*Work instruction*:
A verbatim copy of the entries is the required answer.

*Material for this exercise*:

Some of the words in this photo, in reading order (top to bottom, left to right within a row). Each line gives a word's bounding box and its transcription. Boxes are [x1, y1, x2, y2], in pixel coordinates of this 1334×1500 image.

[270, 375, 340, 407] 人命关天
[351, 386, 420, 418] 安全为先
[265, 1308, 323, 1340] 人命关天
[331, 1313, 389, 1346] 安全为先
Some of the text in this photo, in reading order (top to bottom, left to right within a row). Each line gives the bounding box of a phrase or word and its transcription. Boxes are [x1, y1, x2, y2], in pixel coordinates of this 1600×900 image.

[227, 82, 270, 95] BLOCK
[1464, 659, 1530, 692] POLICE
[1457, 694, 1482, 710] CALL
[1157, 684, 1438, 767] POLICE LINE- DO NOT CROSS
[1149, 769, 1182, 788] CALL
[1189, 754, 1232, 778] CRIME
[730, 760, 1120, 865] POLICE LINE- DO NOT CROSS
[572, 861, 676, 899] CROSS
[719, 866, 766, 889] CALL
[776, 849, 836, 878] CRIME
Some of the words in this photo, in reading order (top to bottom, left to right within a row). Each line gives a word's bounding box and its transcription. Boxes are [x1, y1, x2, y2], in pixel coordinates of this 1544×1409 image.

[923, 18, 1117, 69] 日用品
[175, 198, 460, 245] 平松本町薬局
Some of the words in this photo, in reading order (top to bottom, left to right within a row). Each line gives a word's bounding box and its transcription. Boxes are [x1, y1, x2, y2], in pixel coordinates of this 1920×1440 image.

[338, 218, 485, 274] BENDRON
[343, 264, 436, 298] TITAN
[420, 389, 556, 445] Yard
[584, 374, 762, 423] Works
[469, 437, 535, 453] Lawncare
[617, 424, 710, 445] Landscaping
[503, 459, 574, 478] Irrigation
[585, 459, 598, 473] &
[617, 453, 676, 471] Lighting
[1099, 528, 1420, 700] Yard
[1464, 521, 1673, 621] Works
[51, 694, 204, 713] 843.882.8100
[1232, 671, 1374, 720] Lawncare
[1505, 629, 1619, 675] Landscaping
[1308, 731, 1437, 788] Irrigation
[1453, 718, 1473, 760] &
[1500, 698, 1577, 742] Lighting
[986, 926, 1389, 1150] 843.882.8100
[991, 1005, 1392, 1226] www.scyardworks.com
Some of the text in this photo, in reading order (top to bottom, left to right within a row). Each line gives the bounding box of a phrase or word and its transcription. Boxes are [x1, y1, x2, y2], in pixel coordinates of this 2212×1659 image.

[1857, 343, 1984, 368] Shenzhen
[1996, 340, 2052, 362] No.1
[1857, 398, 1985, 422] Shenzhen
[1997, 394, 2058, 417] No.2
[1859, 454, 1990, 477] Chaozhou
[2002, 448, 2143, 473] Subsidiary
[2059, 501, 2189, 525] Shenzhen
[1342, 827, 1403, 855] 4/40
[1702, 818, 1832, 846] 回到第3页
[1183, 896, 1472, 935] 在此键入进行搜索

*Response area*:
Some of the words in this photo, in reading order (top to bottom, left to right within a row). Each line gives a word's bounding box and its transcription. Boxes are [x1, y1, x2, y2], in pixel coordinates of this 1334×1500 image.

[270, 375, 340, 407] 人命关天
[351, 386, 420, 418] 安全为先
[265, 1308, 323, 1340] 人命关天
[331, 1313, 389, 1346] 安全为先
Some of the text in this photo, in reading order (top to bottom, left to right within a row). Each line gives the bounding box of a phrase or word and its transcription. Boxes are [x1, y1, x2, y2], in pixel coordinates of this 1600×900 image.

[227, 82, 270, 95] BLOCK
[1464, 659, 1530, 692] POLICE
[1457, 694, 1482, 710] CALL
[1157, 684, 1438, 767] POLICE LINE- DO NOT CROSS
[1149, 769, 1182, 788] CALL
[1189, 754, 1232, 778] CRIME
[730, 760, 1120, 865] POLICE LINE- DO NOT CROSS
[572, 861, 676, 899] CROSS
[719, 866, 766, 889] CALL
[776, 849, 836, 878] CRIME
Some of the words in this photo, in reading order (top to bottom, left to right within a row). Each line gives a word's bounding box and its transcription. Boxes are [x1, y1, x2, y2], in pixel coordinates of this 1544×1409 image.

[923, 18, 1117, 69] 日用品
[175, 198, 460, 245] 平松本町薬局
Some of the words in this photo, in reading order (top to bottom, left to right within a row). Each line gives a word's bounding box and its transcription. Boxes are [x1, y1, x2, y2], in pixel coordinates of this 1920×1440 image.

[338, 218, 485, 274] BENDRON
[343, 264, 436, 298] TITAN
[420, 389, 556, 445] Yard
[584, 374, 762, 423] Works
[469, 437, 535, 453] Lawncare
[617, 424, 710, 445] Landscaping
[503, 459, 574, 478] Irrigation
[585, 459, 598, 473] &
[617, 453, 676, 471] Lighting
[1099, 528, 1420, 700] Yard
[1464, 521, 1673, 621] Works
[51, 694, 204, 713] 843.882.8100
[1232, 671, 1374, 720] Lawncare
[1505, 629, 1619, 675] Landscaping
[1308, 731, 1437, 788] Irrigation
[1453, 718, 1473, 760] &
[1500, 698, 1577, 742] Lighting
[986, 926, 1389, 1150] 843.882.8100
[991, 1005, 1392, 1226] www.scyardworks.com
Some of the text in this photo, in reading order (top to bottom, left to right within a row). Each line gives the bounding box of a phrase or word and its transcription. Boxes are [x1, y1, x2, y2], in pixel coordinates of this 2212×1659 image.

[1857, 343, 1984, 368] Shenzhen
[1996, 340, 2052, 362] No.1
[1857, 398, 1985, 422] Shenzhen
[1997, 394, 2058, 417] No.2
[1859, 454, 1990, 477] Chaozhou
[2002, 448, 2143, 473] Subsidiary
[2059, 501, 2189, 525] Shenzhen
[1342, 827, 1403, 855] 4/40
[1702, 818, 1832, 846] 回到第3页
[1183, 896, 1472, 935] 在此键入进行搜索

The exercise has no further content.